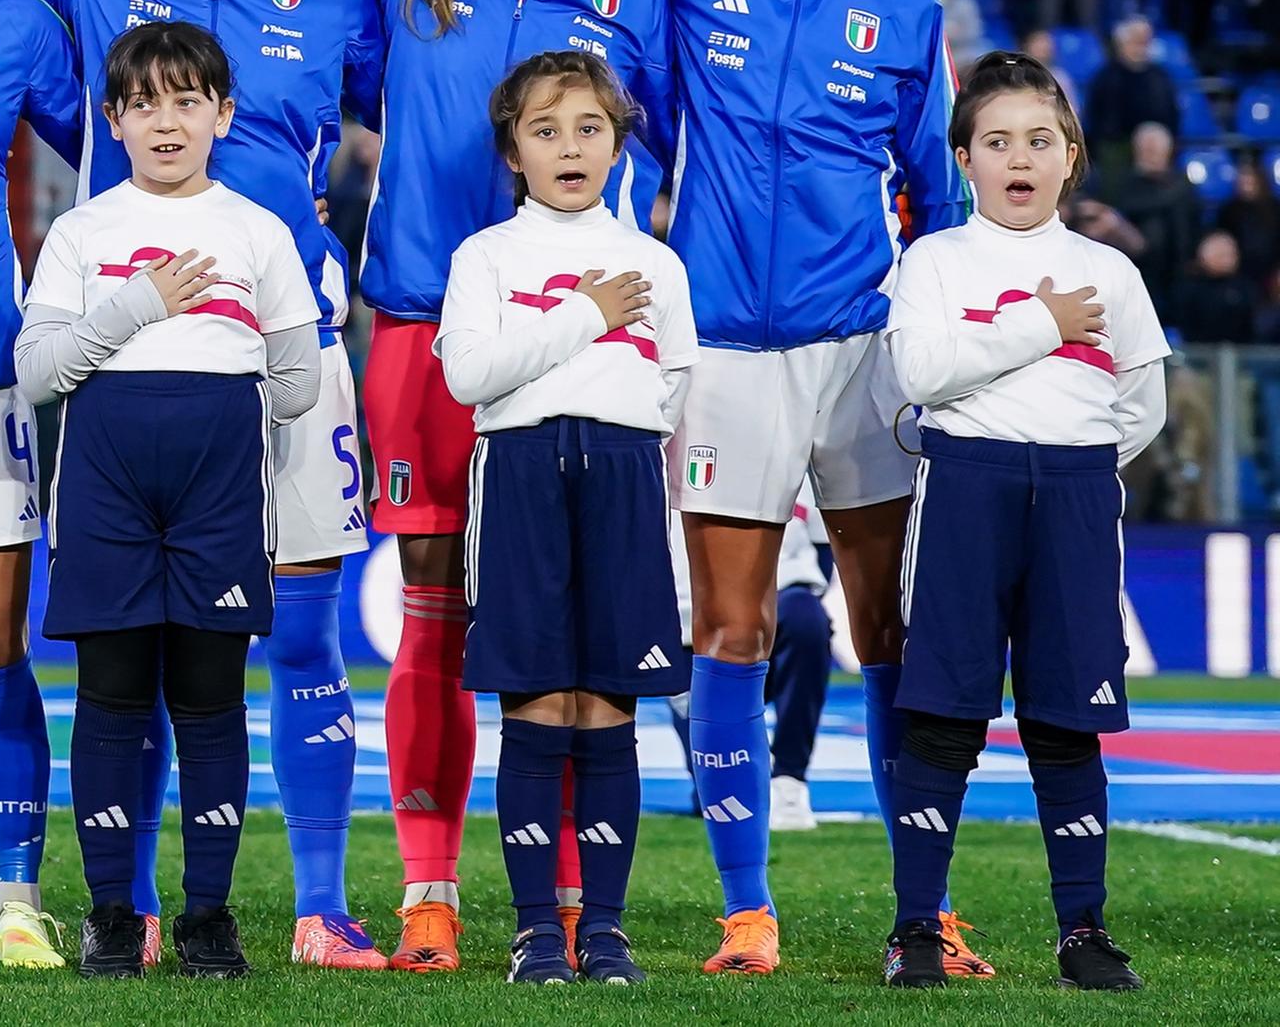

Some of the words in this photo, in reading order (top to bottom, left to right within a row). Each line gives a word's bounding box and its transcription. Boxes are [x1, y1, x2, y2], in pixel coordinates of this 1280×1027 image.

[145, 2, 171, 18] TIM
[851, 13, 877, 25] ITALIA
[269, 25, 303, 38] Telepass
[580, 18, 613, 38] Telepass
[568, 35, 592, 51] eni
[725, 34, 750, 50] TIM
[261, 45, 285, 59] eni
[707, 48, 744, 66] Poste
[839, 62, 875, 79] Telepass
[826, 81, 850, 98] eni
[4, 411, 36, 483] 4
[690, 449, 714, 459] ITALIA
[331, 424, 360, 501] 5
[292, 676, 349, 701] ITALIA
[692, 749, 750, 768] ITALIA

====

> [What is needed] Exactly as written, give every entry again, but not the pictures.

> [Answer space]
Some of the words in this photo, in reading order (top to bottom, left to right within a row). Each line gives a word's bounding box and its transcription. Boxes are [x1, y1, x2, y2], in pixel coordinates of this 1280×1027 image.

[145, 2, 171, 18] TIM
[851, 13, 877, 25] ITALIA
[269, 25, 303, 38] Telepass
[580, 18, 613, 38] Telepass
[568, 35, 592, 51] eni
[725, 34, 750, 50] TIM
[261, 45, 285, 59] eni
[707, 48, 744, 66] Poste
[839, 62, 875, 79] Telepass
[826, 81, 850, 98] eni
[4, 411, 36, 483] 4
[690, 449, 714, 459] ITALIA
[331, 424, 360, 501] 5
[292, 676, 349, 701] ITALIA
[692, 749, 750, 768] ITALIA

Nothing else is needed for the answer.